Scuola di Pensiero Forte [88]: il problema del potere

Raggiunta la comprensione delle strutture della società, è opportuno spendere qualche parola in più sul potere, come prima annunciato.

Partendo da una considerazione più filosofica, il potere è qualunque facoltà di compiere azioni, manifestazione immediata della personalità, e quindi capacità, possibilità, facoltà relativa al fare qualcosa. Sotto il profilo scientifico, non meno importante, il potere è una certa proprietà di un corpo o di un sistema, talvolta con valore soltanto qualitativo, ma più spesso con una precisa determinazione quantitativa.

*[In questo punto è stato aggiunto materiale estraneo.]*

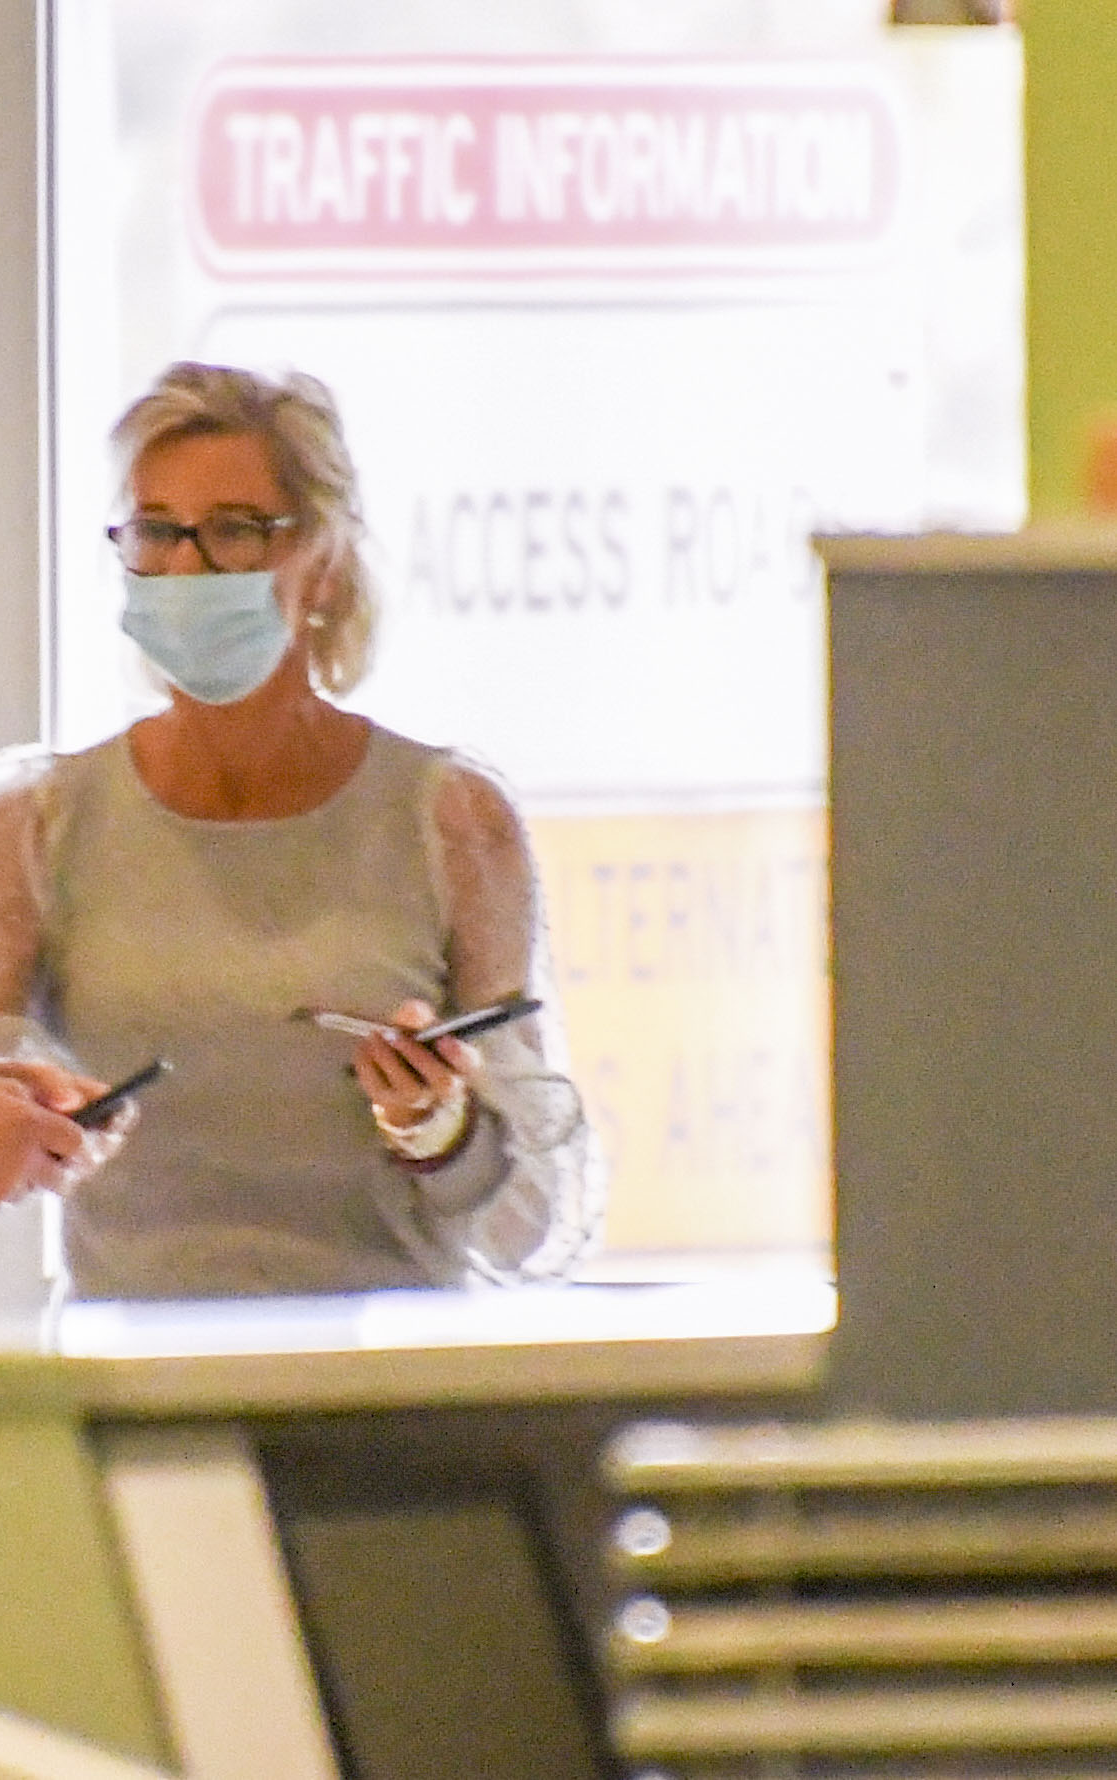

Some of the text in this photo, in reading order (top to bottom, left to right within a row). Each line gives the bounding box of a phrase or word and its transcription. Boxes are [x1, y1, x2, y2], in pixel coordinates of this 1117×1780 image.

Abbiamo già citato il Sofista di Platone, dove si dice che il potere è la definizione dell’essere, vero e proprio tratto distintivo dell’esistenza reale, che ci riporta quindi a guarda a ciò che l’uomo è, al suo stesso essere. A differenza dei pensatori moderni e post-moderni, gli antichi conservano un legame diretto con l’aspetto trascendentale dell’uomo, e questo ci risulta molto utile perché è, in realtà, la spiegazione legittimante di tutti i pensatori successivi. Se, infatti, il potere non fosse un qualcosa di legato all’essere, non avrebbe tanta importanza per l’essere umano, non varrebbe quanto esso vale. Eppure, tutta la Storia ci testimonia che il potere è sempre stato uno dei massimi desideri, aspirazioni ed opere concrete realizzate da tutta l’umanità, senza distinzione alcuna di tempo, luogo o struttura sociale e culturale. Da questo riconoscimento che possiamo dire essere fondante per l’antropologia, discendono poi, per uso di ragione, le svariate riflessioni attorno al potere e al modo in cui esso viene declinato nella vita sociale.

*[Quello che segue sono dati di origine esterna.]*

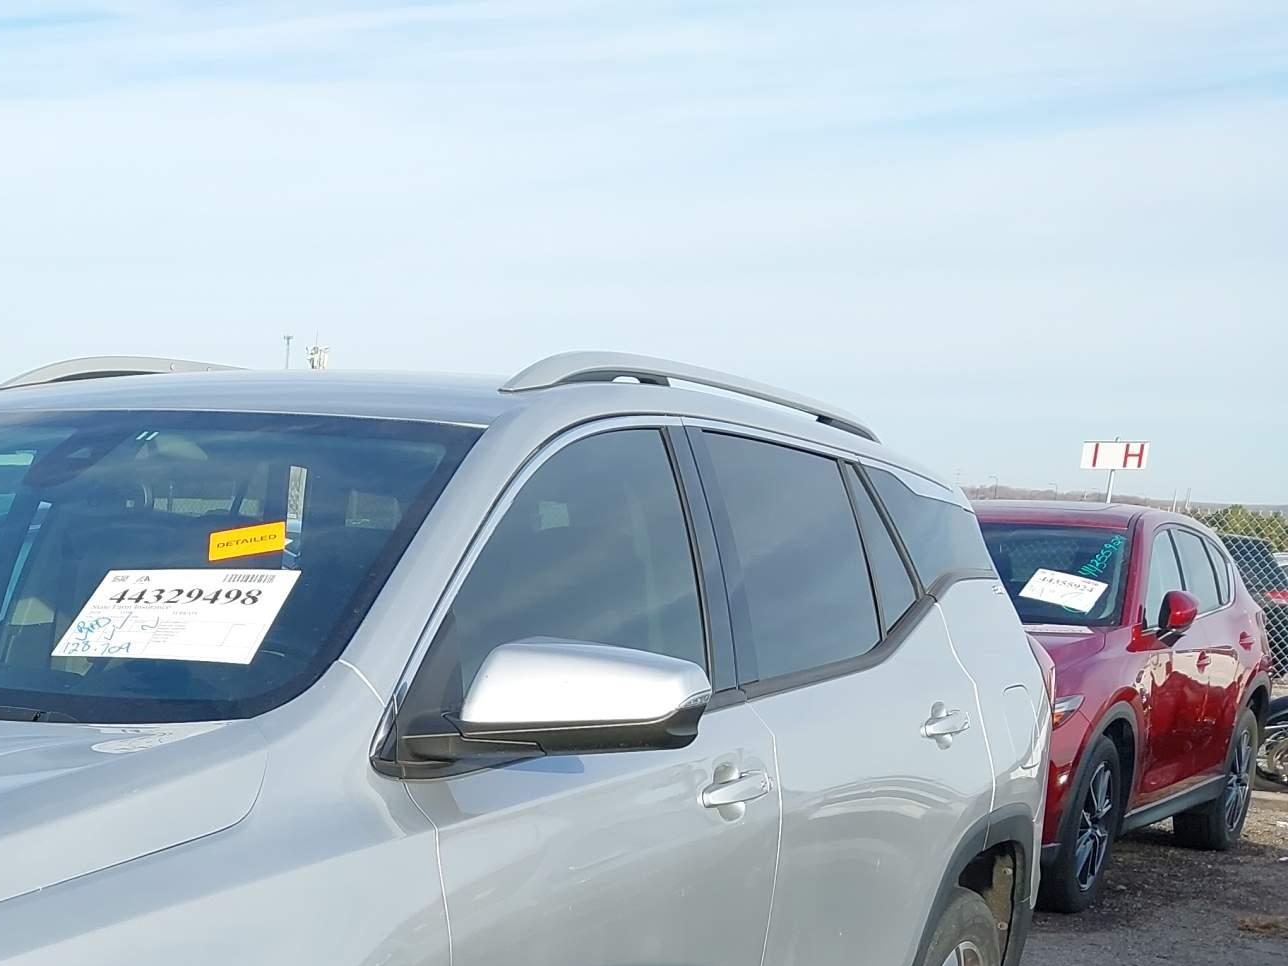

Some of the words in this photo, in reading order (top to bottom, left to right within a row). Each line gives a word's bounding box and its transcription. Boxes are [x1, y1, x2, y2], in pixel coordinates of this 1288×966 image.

[1092, 442, 1099, 467] I
[1122, 443, 1145, 468] H
[216, 534, 278, 549] DETAILED
[108, 587, 263, 606] 44329498

Ci domandiamo per prima cosa quale sia il fine del potere. Seguendo la logica fino ad ora adottata, cioè quella della teleologia politica, dobbiamo dire che anche il potere è naturalmente diretto verso lo stesso obiettivo. In questo senso, esso, in quanto manifestazione dell’essere della persona umana, è indisgiungibile da essa, e pertanto è buono nella misura in cui la natura è volta al Bene, cioè sempre. Accade però che il potere sia quell’aspetto che più di tutti versa al male, nel momento in cui l’uomo compie il male. Ecco che prendono luogo le degenerazioni del potere. La più conosciuta, tanto da diventare un motto degli antichi, è divide et impera, cioè “dividi e comanda”: attraverso il potere, l’uomo compie l’opera di divisione, che è contraria all’unificazione. Secondo le tradizioni filosofiche, ma anche religiose, unificare è proprio del Bene, dividere è proprio del male. È evidente che il potere, in questo altro senso in cui lo consideriamo, ci appare un po’ meno felice di quanto pensassimo. In realtà, il potere non è male in sé, anche perché essendo definizione dell’essere giungeremmo a dire che l’essere è male in sé, una cosa alquanto stupida per una infinità di ragioni che non è la sede adatta per riportarle (rimandiamo ai più elementari studi di Filosofia sull’argomento); è male nella misura in cui è usato per il male, è orientato ad esso. Un male che è tale per l’uomo in sé, singolarmente considerato, e per tutta la società. Non servono particolari esempi per accorgersi di quanto il potere sia, in questo nostro mondo attuale, un problema non da poco: guerre, divisioni, lotte fratricide, devastazione del pianeta, e chi più ne ha più ne metta. Non è però il potere in sé ad essere malato, ma l’uomo; il potere preso nella sua originaria funzione e natura è volto al Bene, così come tutta la persona umana e ciò che vi è nel mondo intero.

Vi è del buono e del cattivo: quello che ci interessa approfondire è, dunque, quanto di buono possiamo “salvare” e quel che di cattivo dobbiamo lasciare nella costruzione del nostro Pensiero. Lo faremo analizzando i meccanismi del potere, la sua origine pragmatica, le relazioni di potere e la sua applicazione politica.